The bone marrow found predominantly in the long bones (arms and legs) and the sternum (chest bone) is responsible for the production of the blood cells. Those that we all know about, the red blood cells (erythrocytes) and the white blood cells (leucocytes), are manufactured along with others including the platelets – a modified type of red blood cell very important in the mechanism of blood clotting.

The bone marrow function can fail in one of two ways. It may cease to produce any of these cells or it may produce too many of them. Specific conditions such as polycythemia rubra vera (increase in red blood cells and, usually, white blood cells) and thrombocythemia or thrombocytosis are conditions marked by an absolute increase in the number of platelets (throbocytes is the medical name for platelets). Thrombocytopenia is a lack of platelets.

Excessive production of white blood cells in the bone marrow form myeloid leukaemias which are covered in their own section.

Certain drugs, radiation and viral infections are all associated with bone marrow disorders but who will succumb to this group of disorders is not known. There may be some genetic predisposition, but these problems tend not to run in families.
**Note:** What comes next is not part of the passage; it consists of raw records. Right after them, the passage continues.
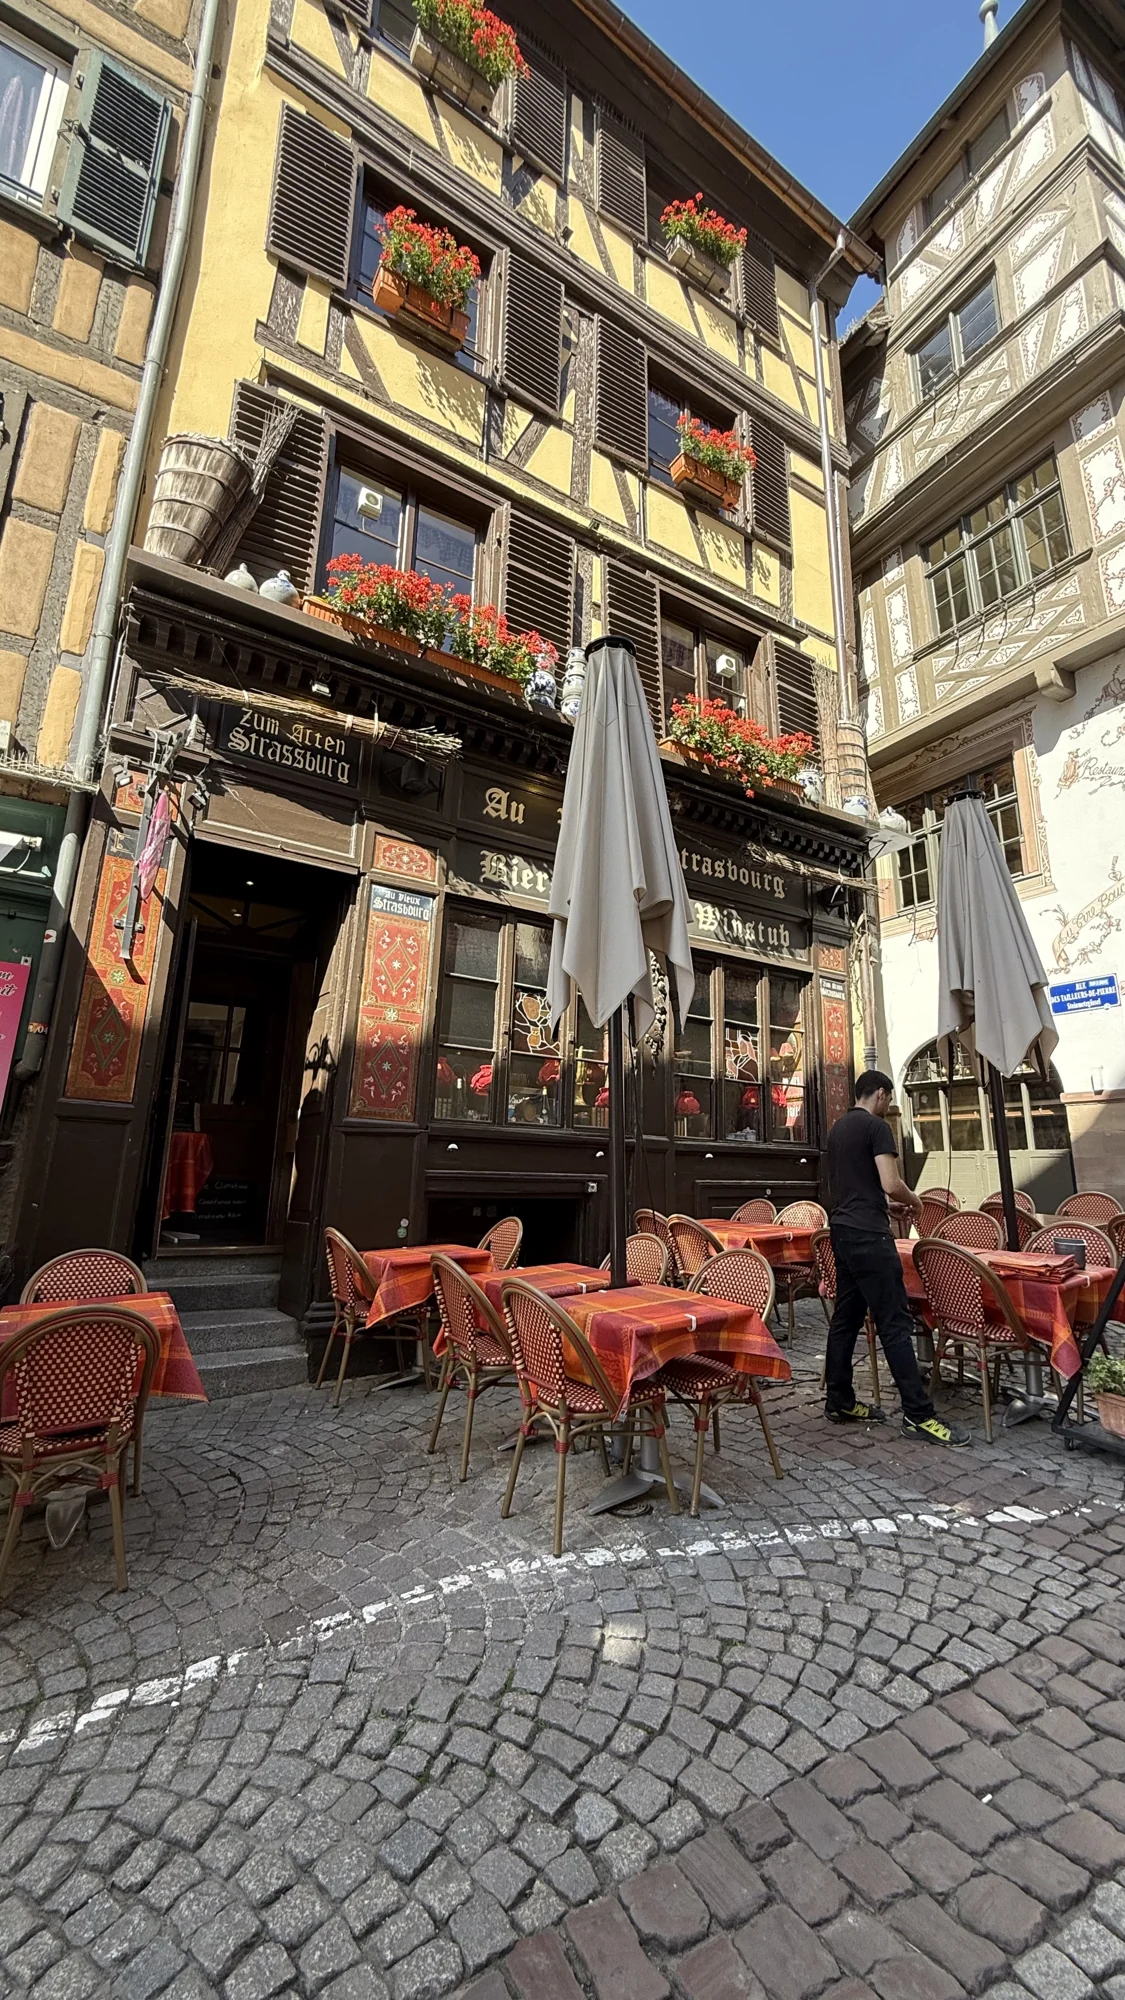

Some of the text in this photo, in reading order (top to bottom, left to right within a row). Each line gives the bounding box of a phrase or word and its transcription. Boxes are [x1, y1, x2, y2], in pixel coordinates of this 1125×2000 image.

[240, 707, 279, 735] Zum
[228, 726, 350, 784] Strassburg
[483, 787, 525, 825] Au
[480, 850, 553, 893] Bier
[680, 847, 786, 899] trasbourg
[373, 896, 430, 921] Strasbourg
[694, 902, 790, 948] Winstub
[1061, 985, 1117, 1002] TAILLEURS-DE-PIERRE
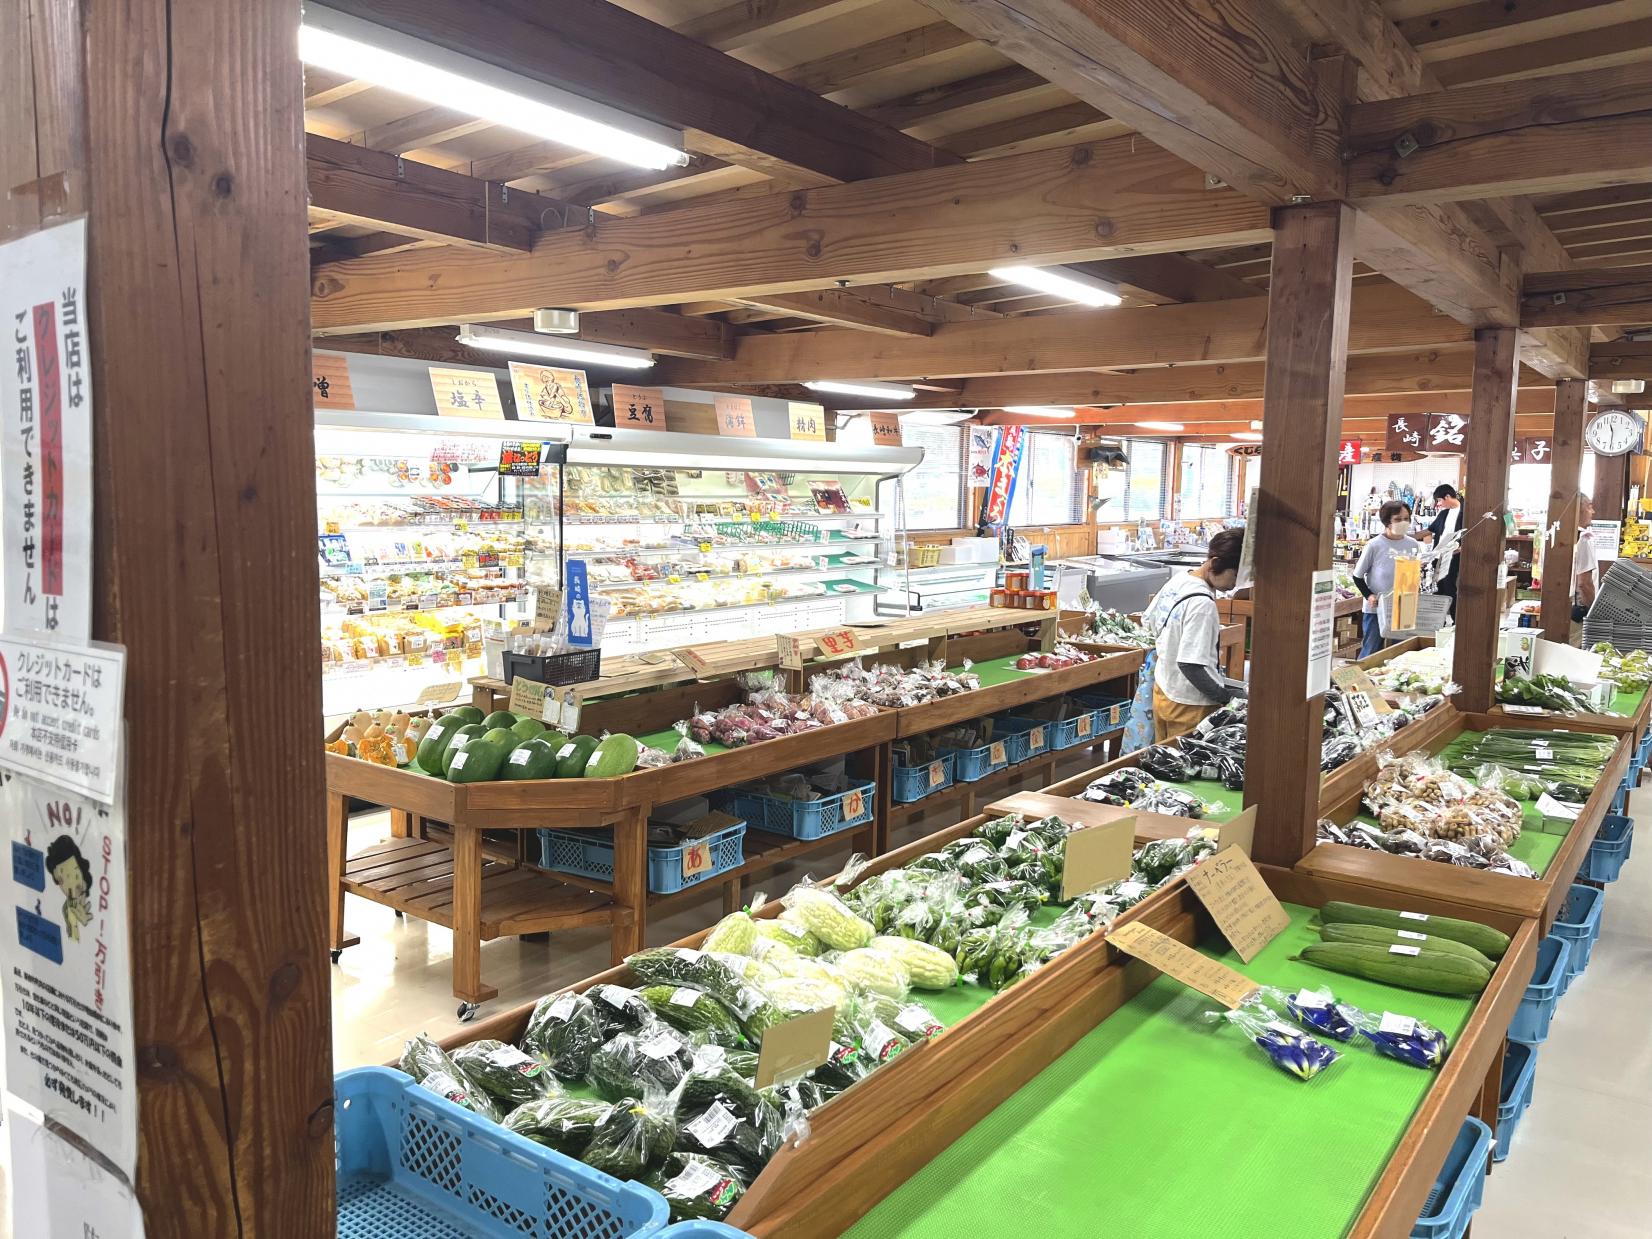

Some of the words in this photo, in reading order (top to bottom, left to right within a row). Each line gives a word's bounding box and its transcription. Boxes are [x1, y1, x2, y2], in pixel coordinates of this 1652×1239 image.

[62, 286, 84, 409] 当店は
[450, 390, 486, 411] 塩辛
[627, 403, 655, 425] 豆腐
[796, 417, 817, 434] 精肉
[14, 310, 37, 605] ご利用できません
[37, 307, 60, 631] クレジットカードは
[17, 651, 103, 689] クレジットカードは
[15, 676, 95, 717] ご利用できません。
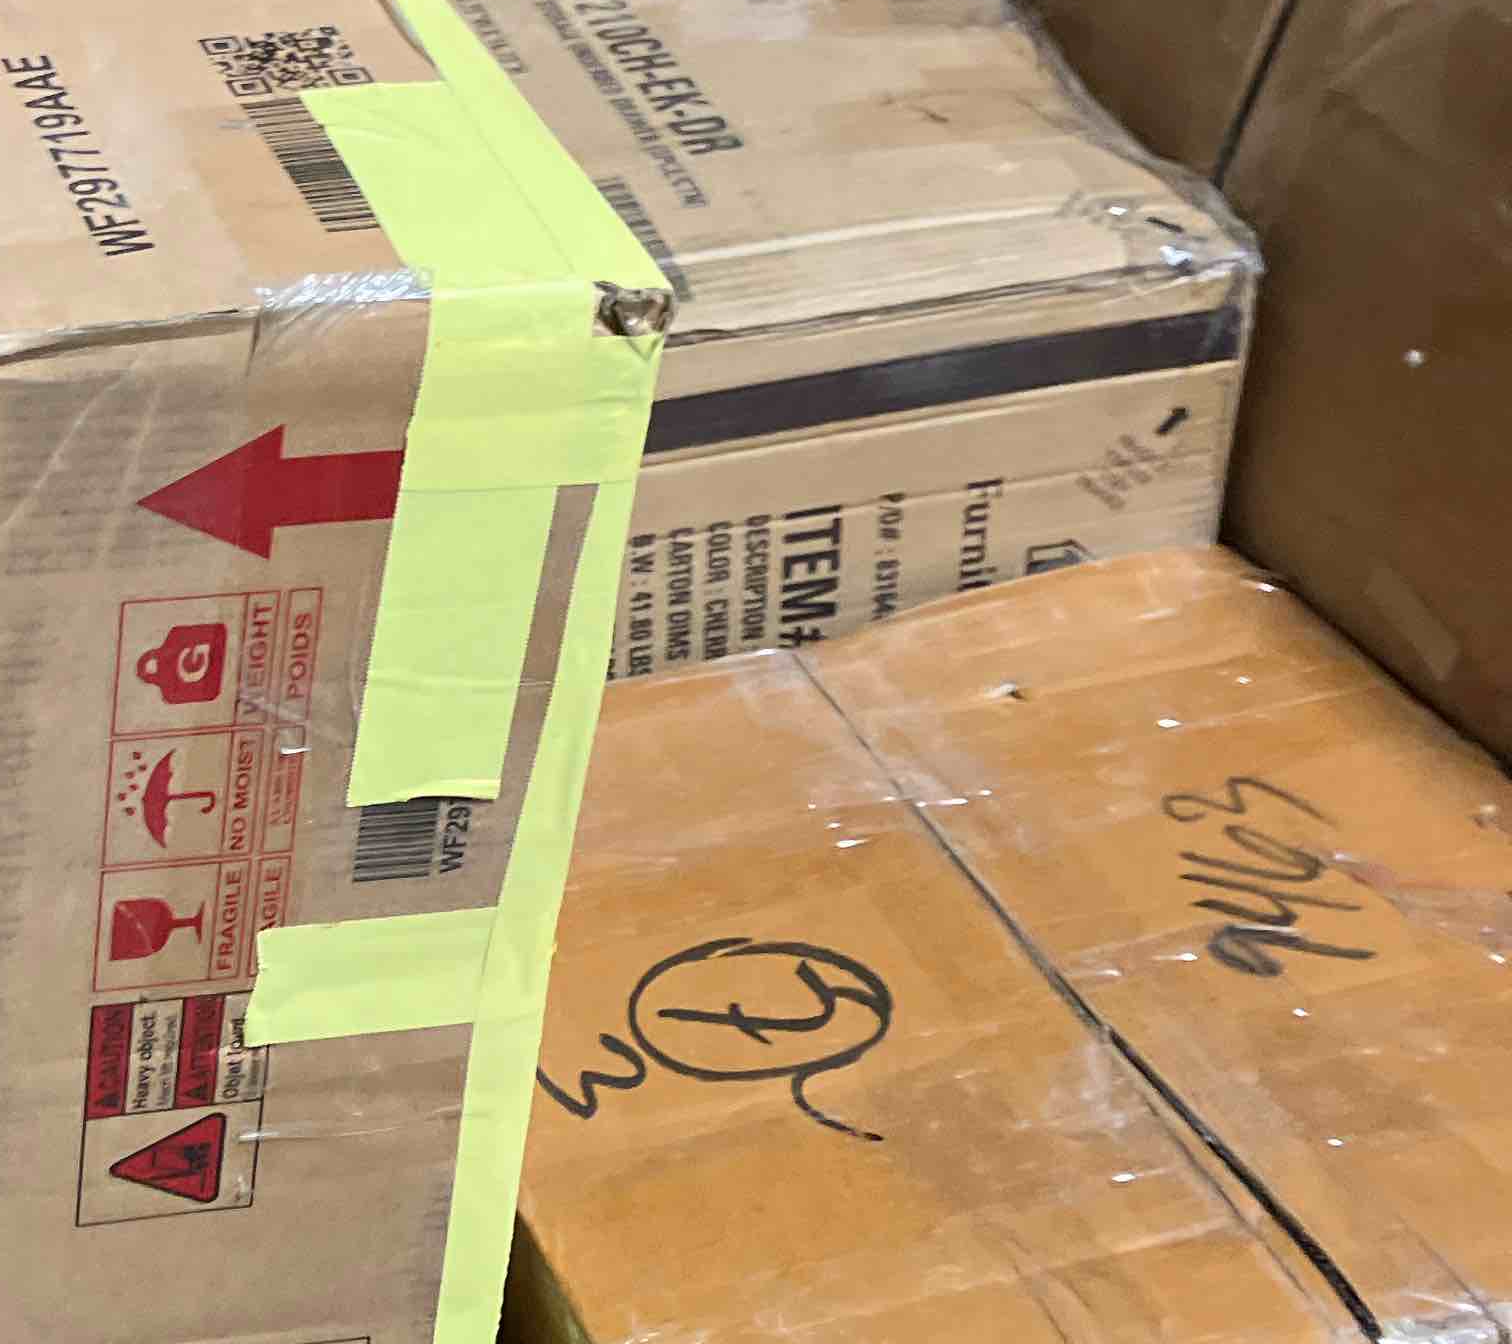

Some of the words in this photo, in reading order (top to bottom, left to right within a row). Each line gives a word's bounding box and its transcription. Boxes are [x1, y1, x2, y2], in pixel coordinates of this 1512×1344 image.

[2, 54, 156, 257] WF297719AAE
[741, 514, 771, 640] DESCRIPTION
[242, 602, 273, 715] WEIGHT
[287, 612, 312, 700] POIDS
[233, 740, 256, 810] MOIST
[230, 817, 248, 851] NO
[438, 798, 471, 874] WF29
[1161, 775, 1378, 979] 9463
[216, 868, 243, 971] FRAGILE
[259, 865, 283, 932] AGILE
[134, 1064, 156, 1109] Heavy
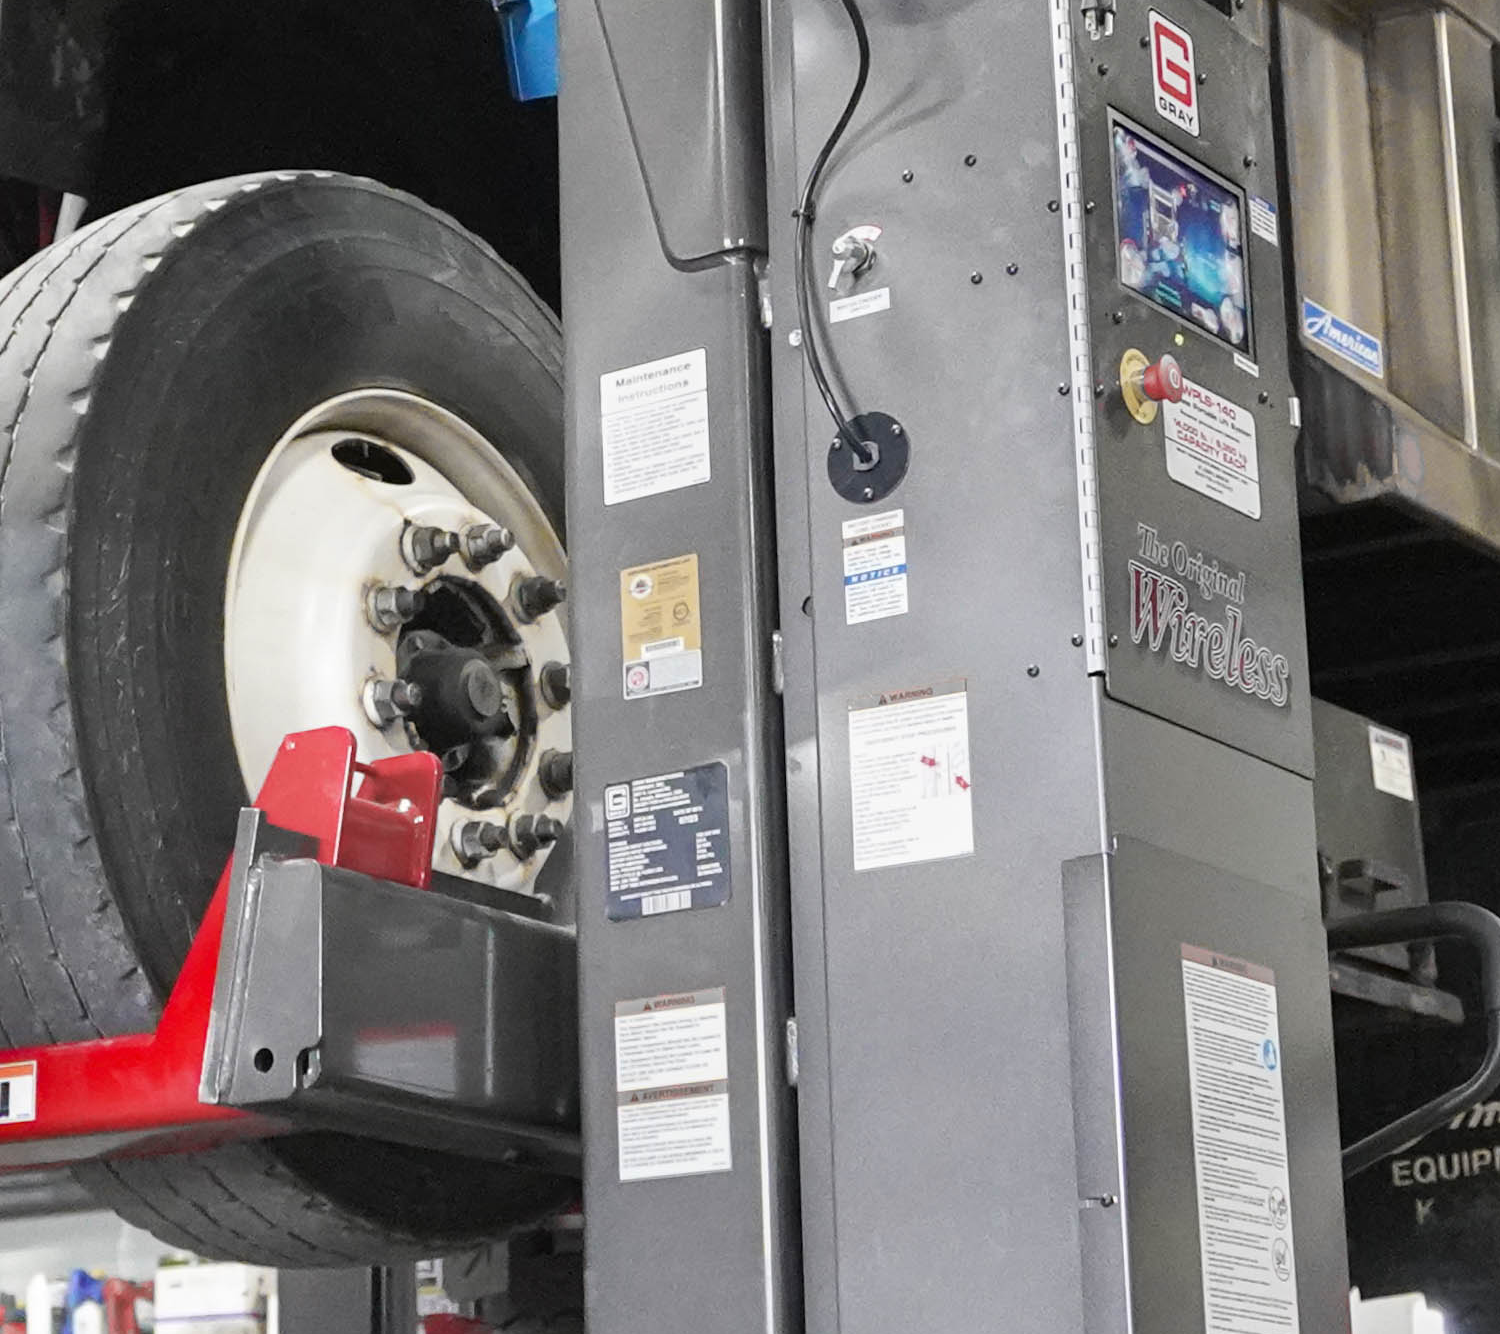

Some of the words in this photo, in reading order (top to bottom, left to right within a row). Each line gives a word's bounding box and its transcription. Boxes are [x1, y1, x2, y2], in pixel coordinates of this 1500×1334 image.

[1158, 96, 1194, 128] GRAY
[615, 362, 692, 388] Maintenance
[617, 378, 690, 404] Instructions
[851, 567, 899, 583] NOTICE
[1137, 523, 1168, 567] The
[1171, 541, 1245, 604] Original
[1128, 559, 1289, 707] Wireless
I have a theory. Stress releases adrenaline and Cortisol which are the stress chemicals . To counteract this, the body will try to make calming chemicals such as serotonin. The platelets are cells that contain and release serotonin when the body is under stress. I hypothesize that at certain levels of stress the platelet-serotonin release function may increase and the body may be tempted to make more platelets due to some chemical response. If the stress is persistent this mechanism may trigger a permanent effect leading to thrombocytosis. If the stress persists, perhaps the controlling chemical may run out, therefore the stimulation to make platelets may be reduced leading to thrombocytopenia. These are rare conditions and I have only treated a few cases, but in each there has been a noticeable stress-related time period prior to the condition forming.

The condition is often found only on routine blood test but may also be discovered because of symptoms related to clotting difficulties. Unexplained bruising and bleeding or conditions such as stroke may occur because of excessive clotting.

This condition is potentially life-threatening and needs to be monitored by a haematologist.

As we are uncertain about the causes, consider food allergy, deficiencies and environmental toxins as possible triggers.

Obtain the opinion of a medically qualified complementary practitioner for assessment of the above and treatment through homeopathy, herbal and supplemental therapies. None are documented as being effective but they may help.

Learn a meditation technique and sit with a counsellor to discuss problems and anxieties. • Do not refuse orthodox treatment which may include steroids, bone marrow suppressing drugs, radiation or surgical treatments. Look at the alternatives which may reduce the amount or the level of intervention.